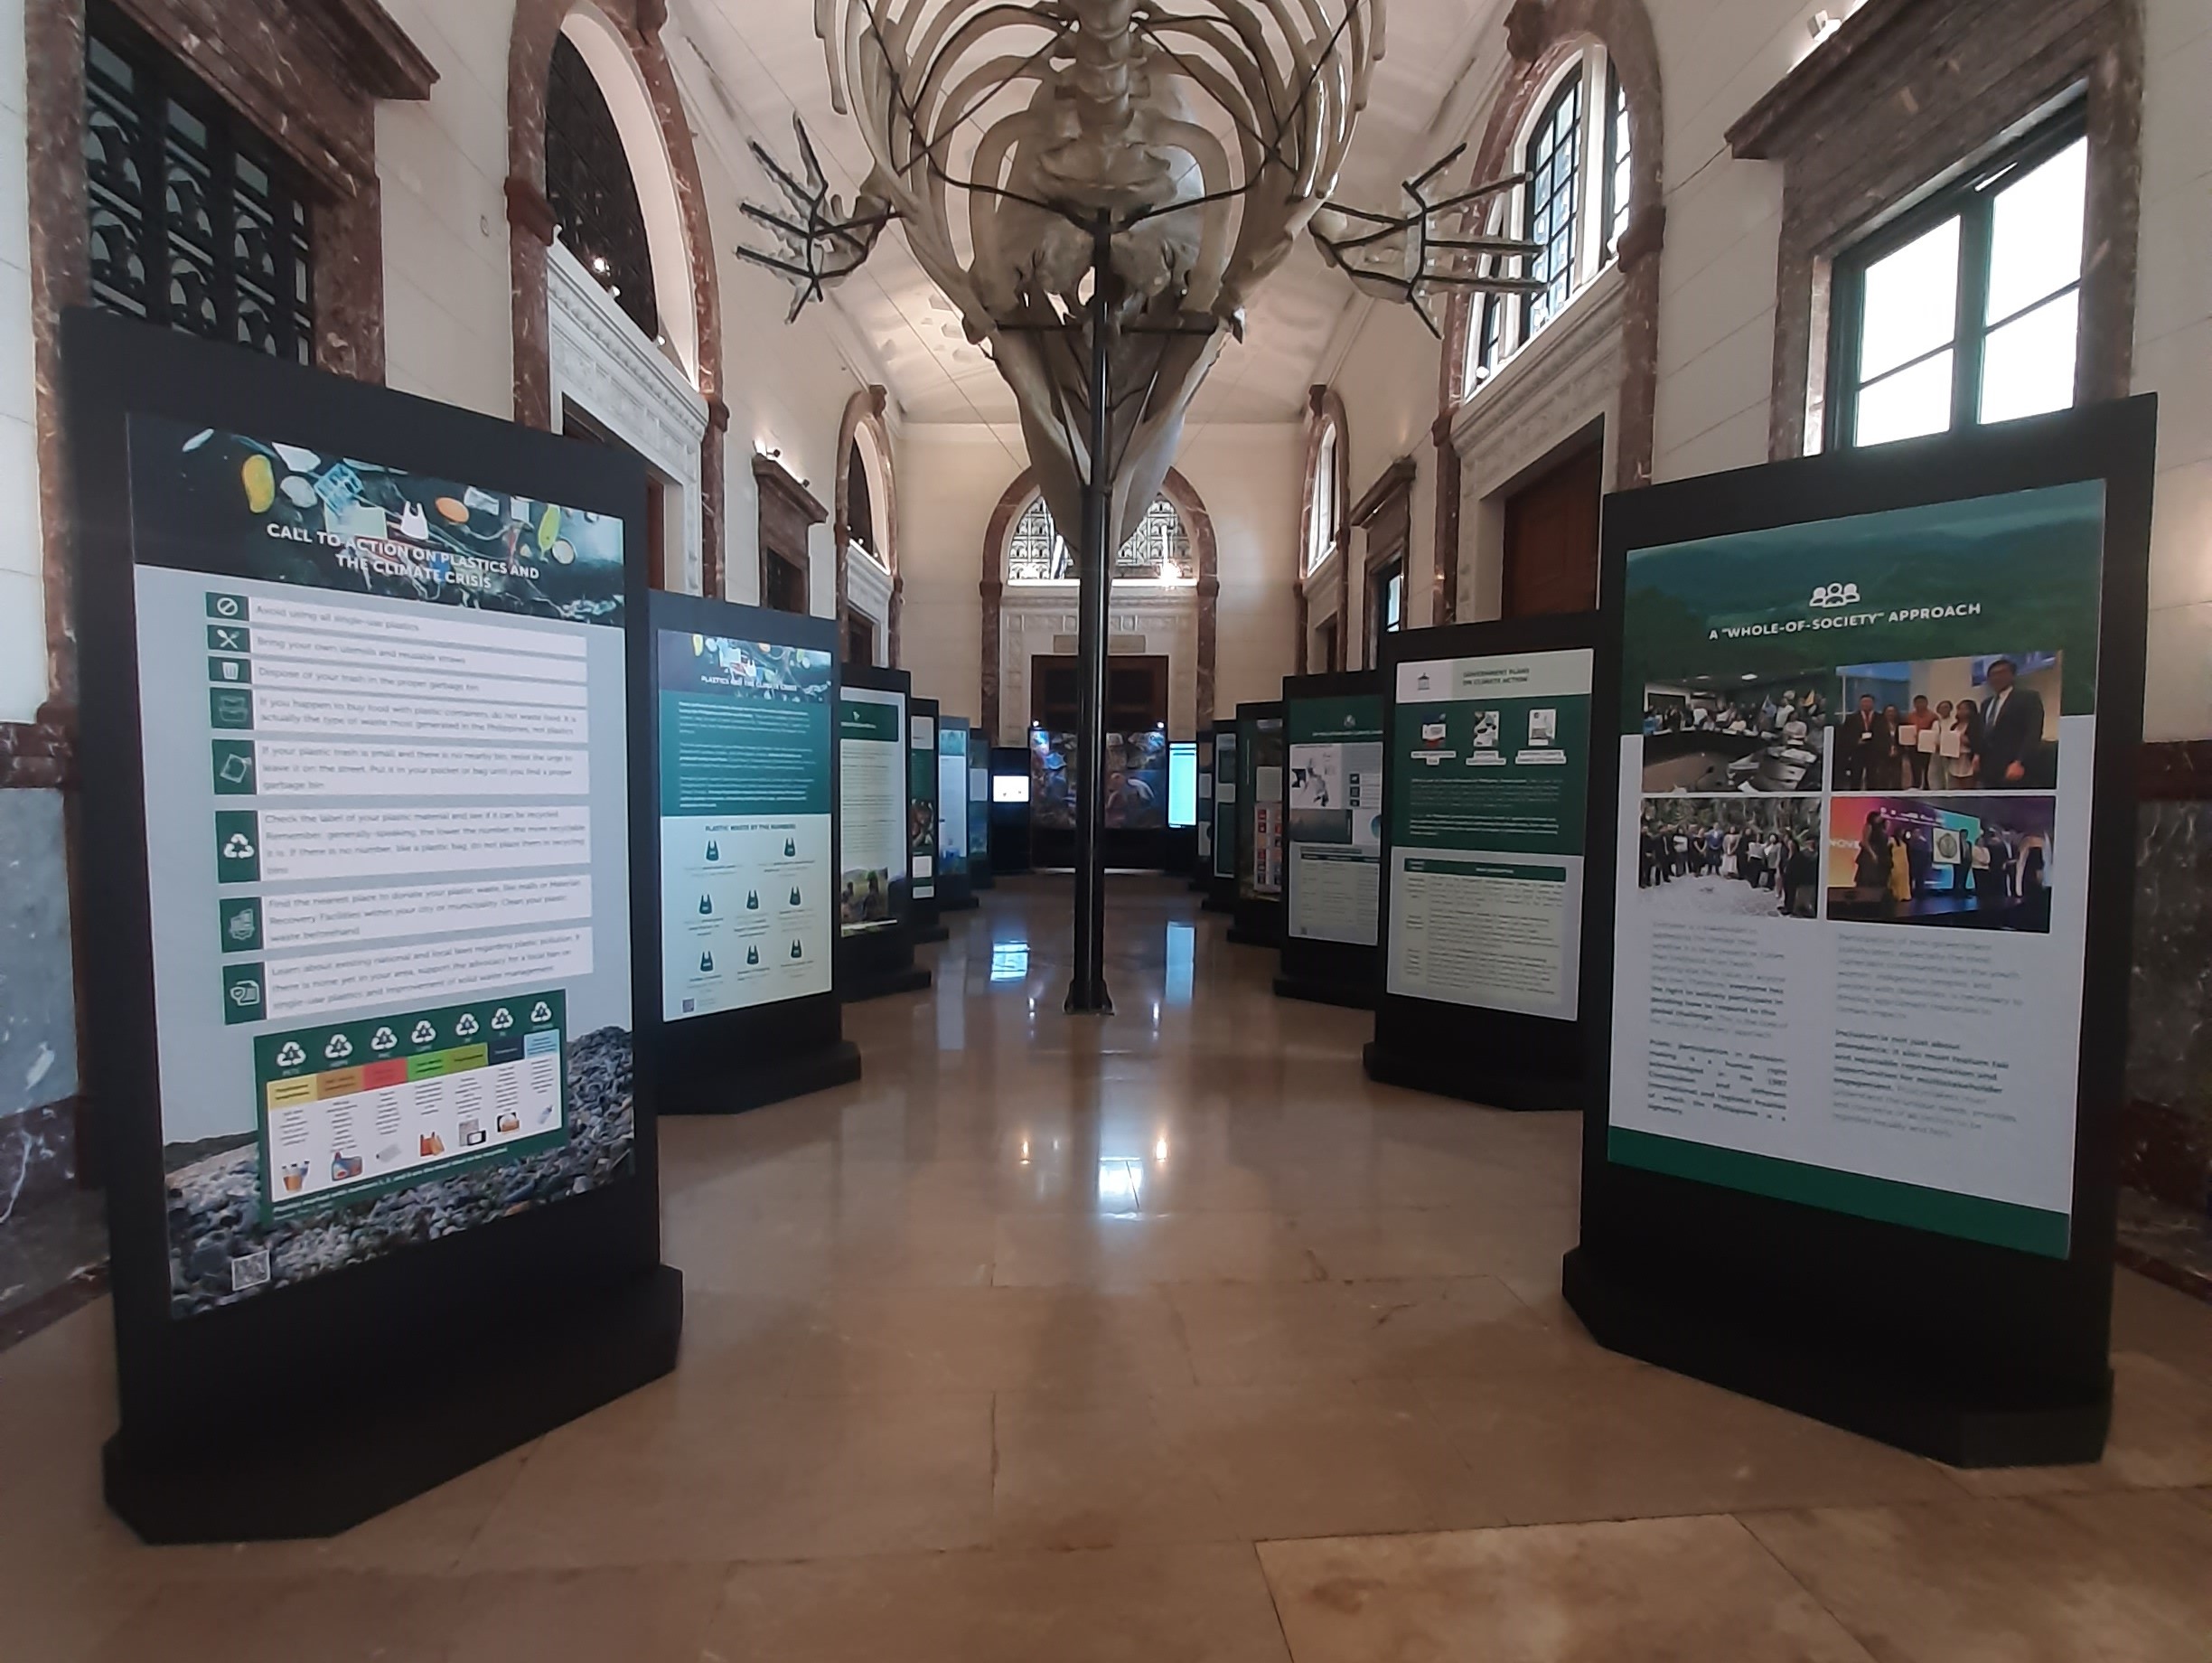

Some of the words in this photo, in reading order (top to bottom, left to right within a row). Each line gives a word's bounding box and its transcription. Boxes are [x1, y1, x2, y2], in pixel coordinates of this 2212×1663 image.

[267, 523, 313, 543] CALL
[316, 531, 342, 547] TO
[344, 540, 412, 559] ACTION
[413, 549, 437, 562] ON
[440, 552, 508, 574] PLASTICS
[510, 565, 539, 579] AND
[336, 553, 369, 570] THE
[373, 559, 442, 580] CLIMATE
[445, 571, 492, 588] CRISIS
[1709, 629, 1718, 640] A
[1889, 602, 1982, 623] APPROACH
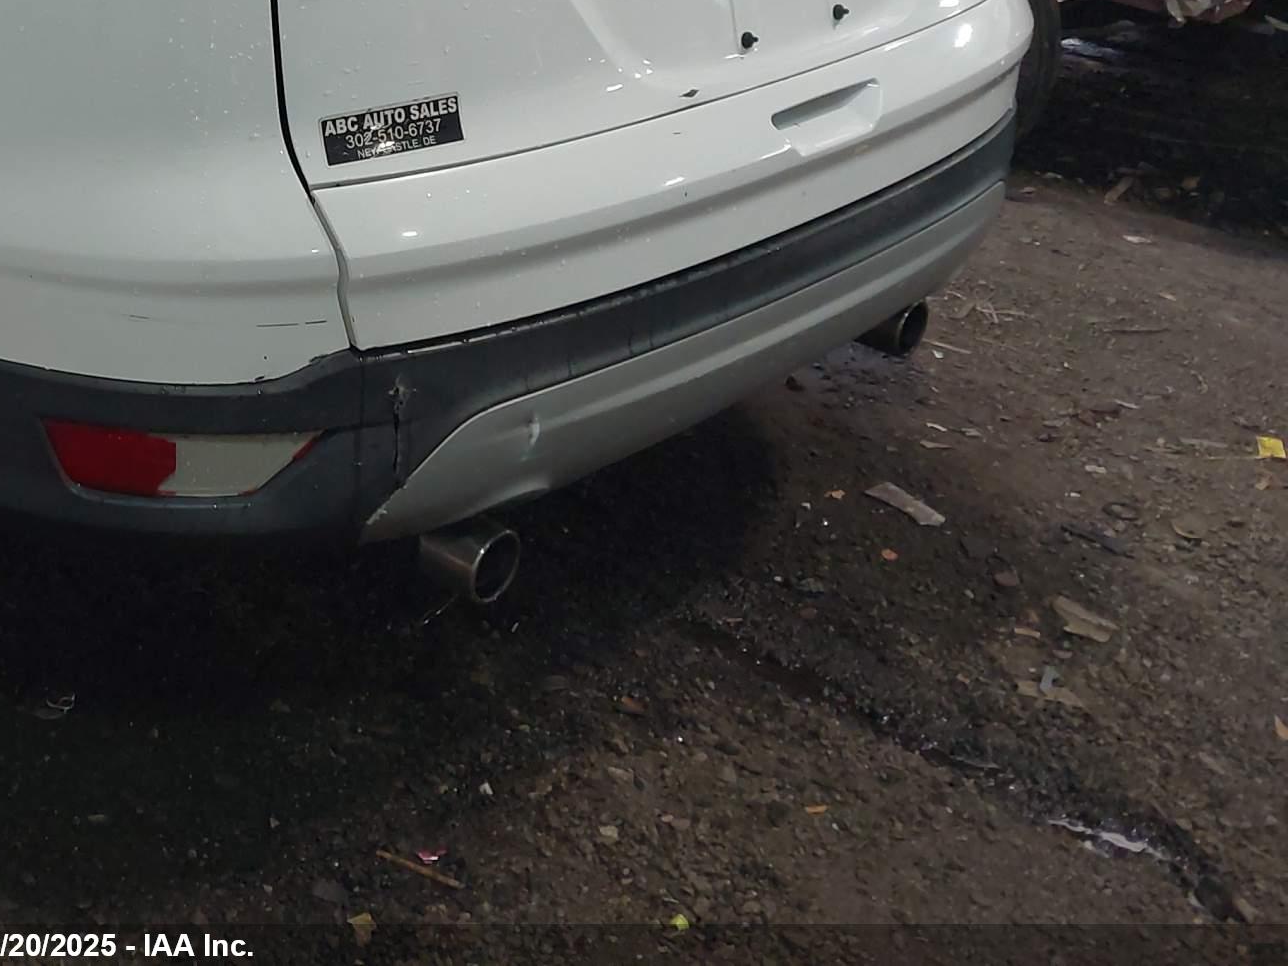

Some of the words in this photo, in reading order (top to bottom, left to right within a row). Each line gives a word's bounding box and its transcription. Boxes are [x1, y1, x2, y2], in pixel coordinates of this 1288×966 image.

[324, 116, 358, 136] ABC
[363, 107, 406, 130] AUTO
[410, 97, 457, 121] SALES
[345, 118, 441, 149] 302-510-6737
[423, 135, 437, 146] DE
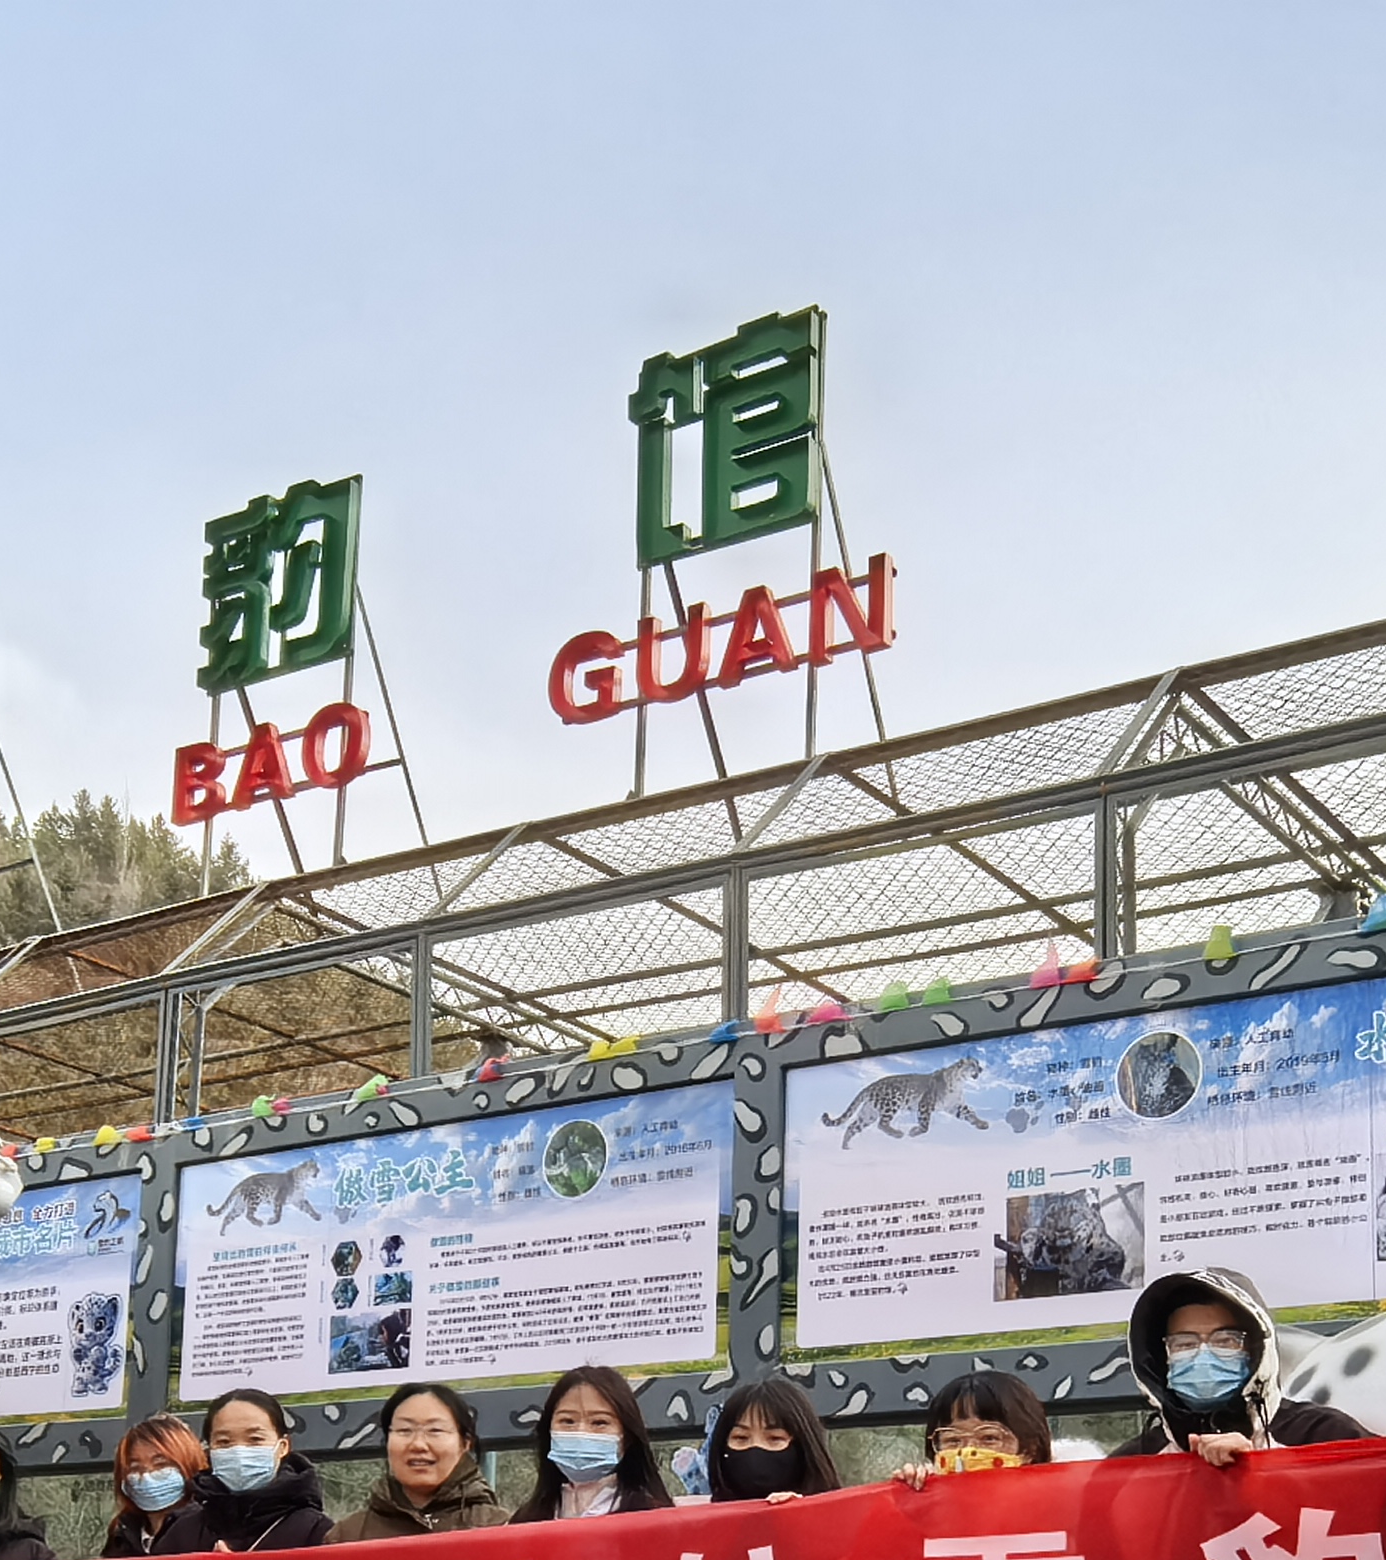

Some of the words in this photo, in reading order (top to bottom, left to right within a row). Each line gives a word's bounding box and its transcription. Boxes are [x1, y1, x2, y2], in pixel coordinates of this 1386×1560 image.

[171, 702, 370, 826] BAO
[548, 552, 897, 724] GUAN
[334, 1148, 475, 1206] 傲雪公主
:::
*What you will do*. Print the data once more without any change, skipping each picture.

*Finished exercise*.
Some of the words in this photo, in reading order (top to bottom, left to right within a row). Each line gives a word's bounding box and its transcription. Boxes are [x1, y1, x2, y2], in pixel coordinates of this 2212×1663 image.

[267, 523, 313, 543] CALL
[316, 531, 342, 547] TO
[344, 540, 412, 559] ACTION
[413, 549, 437, 562] ON
[440, 552, 508, 574] PLASTICS
[510, 565, 539, 579] AND
[336, 553, 369, 570] THE
[373, 559, 442, 580] CLIMATE
[445, 571, 492, 588] CRISIS
[1709, 629, 1718, 640] A
[1889, 602, 1982, 623] APPROACH

Some of the words in this photo, in reading order (top to bottom, left to right within a row). Each line gives a word's bounding box and its transcription. Boxes are [x1, y1, x2, y2], in pixel coordinates of this 1288×966 image.

[324, 116, 358, 136] ABC
[363, 107, 406, 130] AUTO
[410, 97, 457, 121] SALES
[345, 118, 441, 149] 302-510-6737
[423, 135, 437, 146] DE

Some of the words in this photo, in reading order (top to bottom, left to right within a row). Each line gives a word's bounding box and its transcription. Boxes are [x1, y1, x2, y2], in pixel coordinates of this 1386×1560 image.

[171, 702, 370, 826] BAO
[548, 552, 897, 724] GUAN
[334, 1148, 475, 1206] 傲雪公主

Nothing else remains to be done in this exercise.